With Hybridly, a view in your application consists of a regular single-file component.

Serving a view consists of returning a hybrid response with the component name and optional properties.

Views

Views are basic single-file components that can receive data from controllers as their properties. You can access these properties like any other single-file component using defineProps.

vue
<script setup lang="ts">
const $props = defineProps<{
  user: App.Data.User
}>()

useHead({
  title: () => `${$props.user.full_name}'s profile`
})
</script>

<template>
  <section>
    <h1 v-text="user.full_name" />
    <!-- ... -->
  </section>
</template>

The route and controller for the view above could look like the following:

php
Route::get('/users/{user}', ShowUserController::class)->name('users.show');
php
use App\Data\UserData;
use App\Models\User;

class ShowUserController
{
    public function __invoke(User $user)
    {
        return hybridly('users.show', [
            'user' => UserData::from($user)
        ]);
    }
}

Layouts

A view layout can be a basic single-file component as well. You can simply wrap your view's content in the layout component, like you would do in a basic Vue project.

vue
<script setup lang="ts">
import MainLayout from '@/views/layouts/main.vue'
</script>

<template>
  <main-layout>
    <!-- ... -->
  </main-layout>
</template>

However, this technique has a drawback: when navigating between views, the layout will be destroyed and re-mounted. This means you cannot have persistent state in it.

Persistent layouts

Persistent layouts are components that will not get destroyed upon navigation. Their state will be persisted when changing views.

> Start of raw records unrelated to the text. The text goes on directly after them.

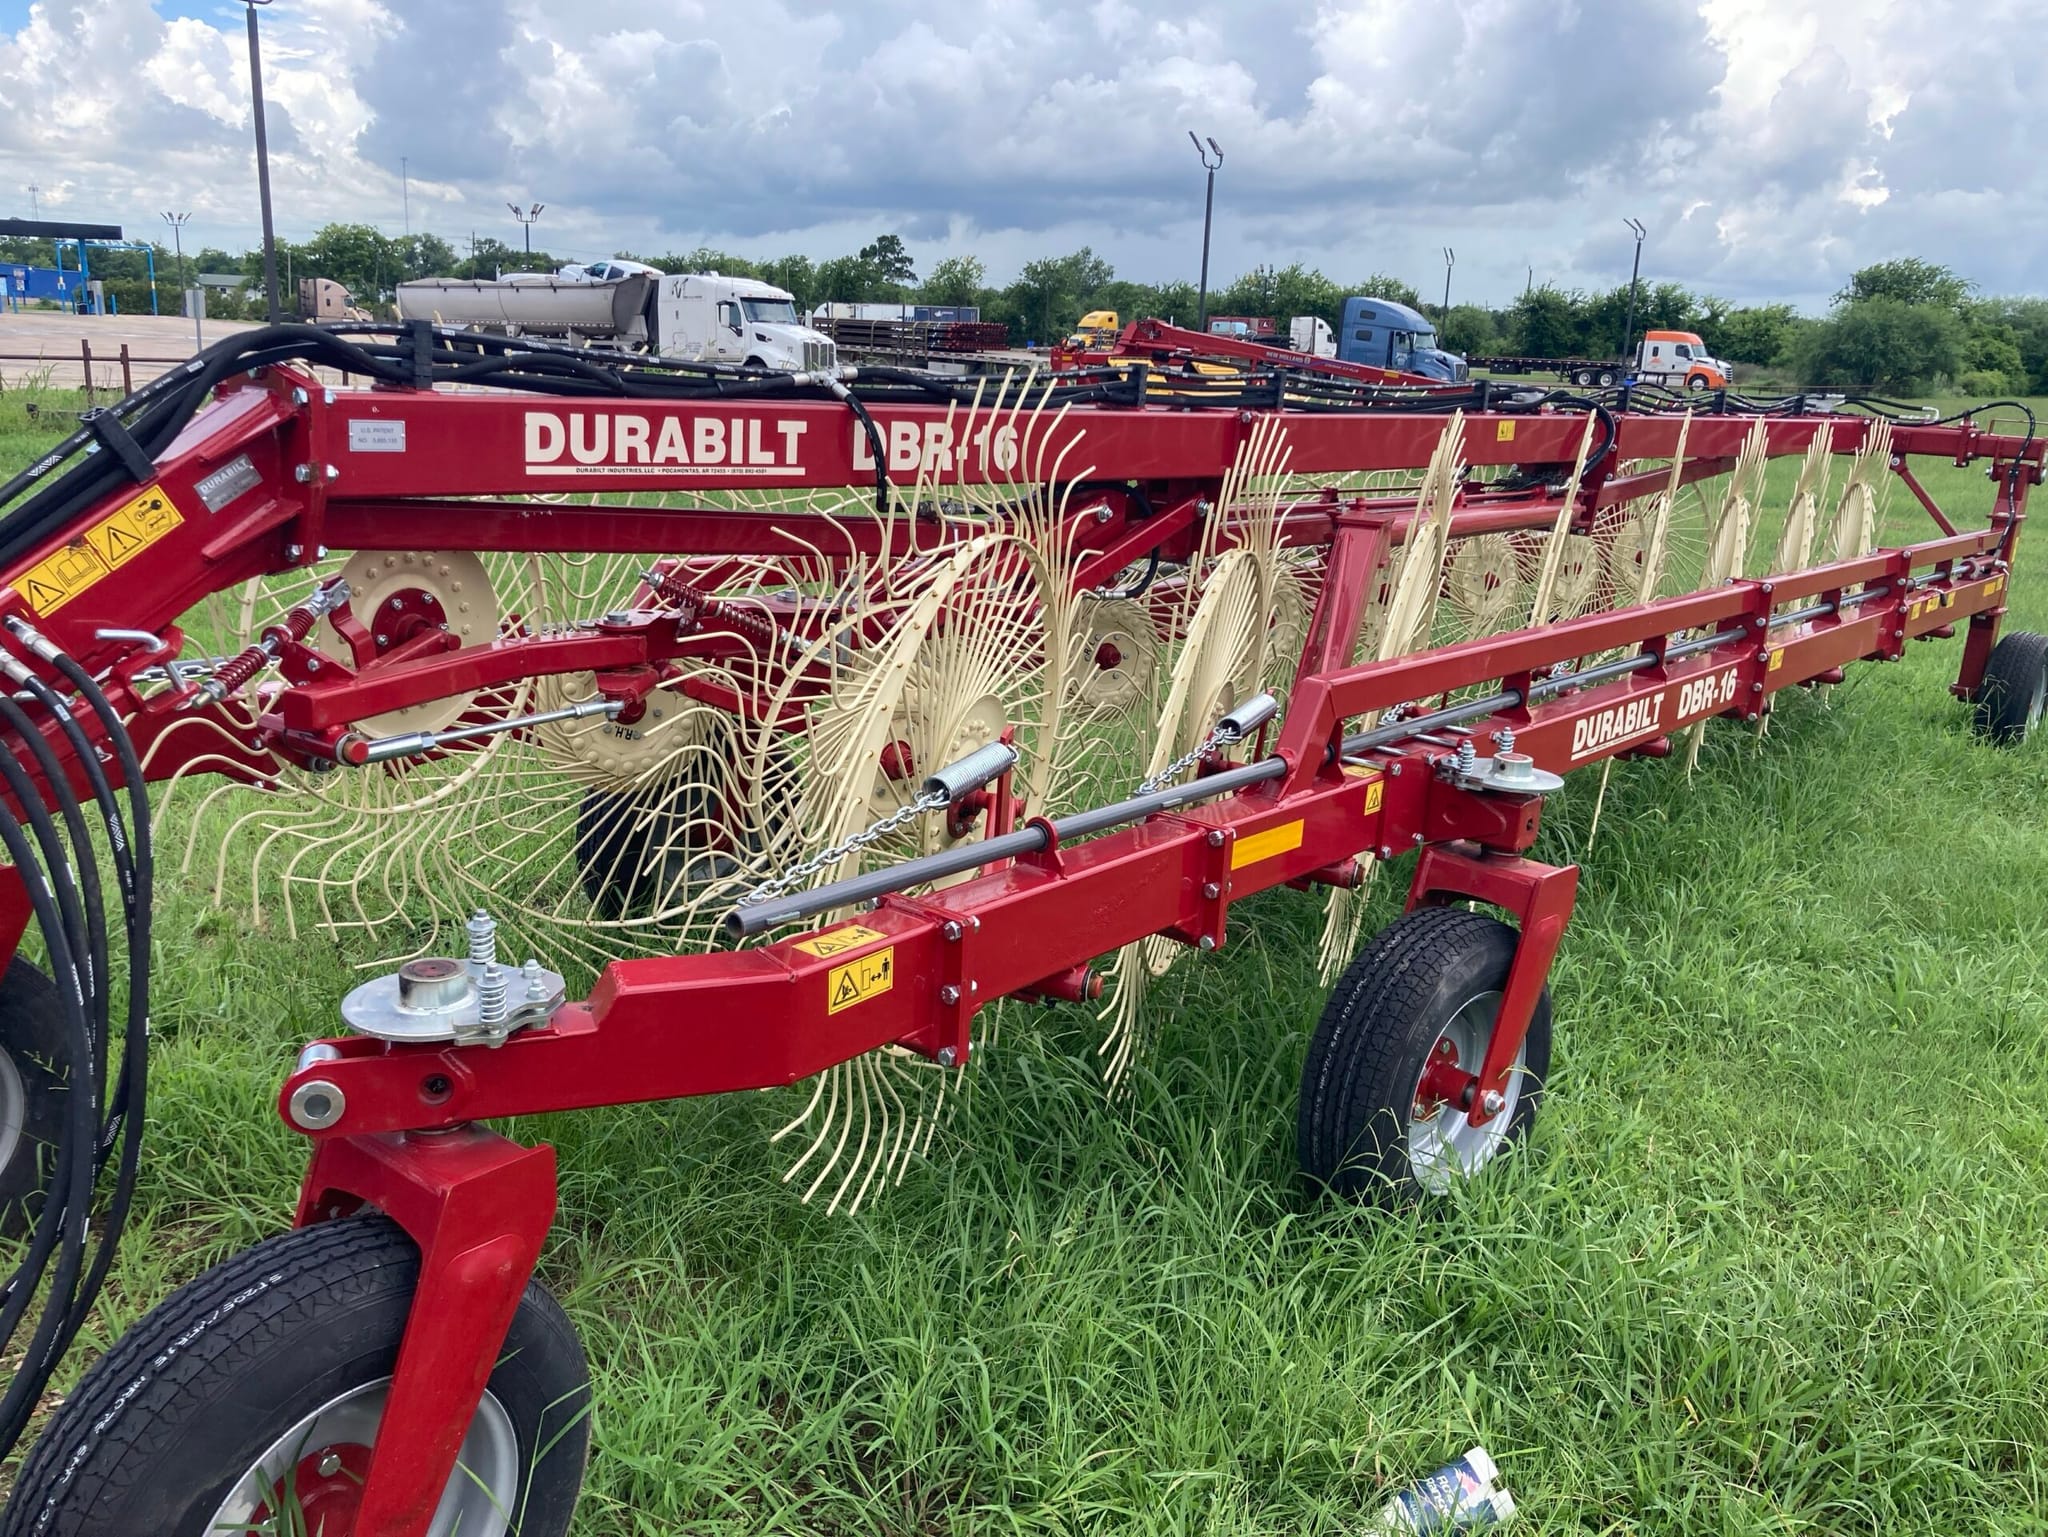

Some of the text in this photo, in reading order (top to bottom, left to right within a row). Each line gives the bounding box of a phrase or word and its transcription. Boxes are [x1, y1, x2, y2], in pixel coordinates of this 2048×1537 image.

[525, 412, 1018, 471] DURABILT DBR-16
[199, 458, 248, 494] DURABILT
[615, 725, 633, 740] R.H.
[1572, 692, 1665, 753] DURABILT
[1677, 668, 1738, 720] DBR-16

A persistent layout can be defined in two ways. You can use the layout attribute on the template element of the view component:

vue
<template layout="main">
  <!-- ... -->
</template>

In the example above, the resources/views/layouts/main.vue layout will be used. If the name of the layout is omitted, layouts/default.vue will be used instead. So if you only have one layout, you can use the following:

vue
<template layout>
  <!-- ... -->
</template>

The other way to define a persistent layout is to use the defineOptions function:

vue
<script setup lang="ts">
import main from '@/views/layouts/main.vue'

defineOptions({
	layout: main
})
</script>

<template>
	<!-- ... -->
</template>

You can also pass layout properties to the properties object:

ts
defineOptions({
	layout: main,
	properties: {
		fullscreen: false,
	}
})

Named slots

Persistent layouts also have their own drawbacks. Specifically, it is not possible to use named slots with them. Instead, use properties or basic single-file component layouts.

Persistent layout properties

Additional properties can be passed to persistent layouts on a per-view basis. When navigating away from a view, the properties will be reset.

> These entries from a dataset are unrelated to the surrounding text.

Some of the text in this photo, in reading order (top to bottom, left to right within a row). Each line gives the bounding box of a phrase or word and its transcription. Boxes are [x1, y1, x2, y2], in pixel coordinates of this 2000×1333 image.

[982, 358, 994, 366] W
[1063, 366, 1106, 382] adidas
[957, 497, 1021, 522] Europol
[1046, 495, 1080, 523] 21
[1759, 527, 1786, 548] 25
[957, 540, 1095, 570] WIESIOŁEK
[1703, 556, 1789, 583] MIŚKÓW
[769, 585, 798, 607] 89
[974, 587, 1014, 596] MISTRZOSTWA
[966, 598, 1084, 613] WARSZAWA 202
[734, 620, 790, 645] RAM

You may use the defineOptions macro to define the layout properties:

vue
<!-- resources/views/views/example.vue -->
<script setup lang="ts">
defineOptions({
	properties: {
		fluid: true,
	}
})
</script>

<template layout="main">
	<!-- ... -->
</template>
vue
<!-- resources/views/layouts/main.vue -->
<script setup lang="ts">
defineProps<{
  fluid?: boolean
}>()
</script>

<template>
	<main :class="{
    'container mx-auto': fluid,
    'w-full mx-10': !fluid,
  }">
    <slot />
  </main>
</template>

Note that properties are not made reactive by default. Similar to Vue's inject/provide, you will need to make them reactive yourself.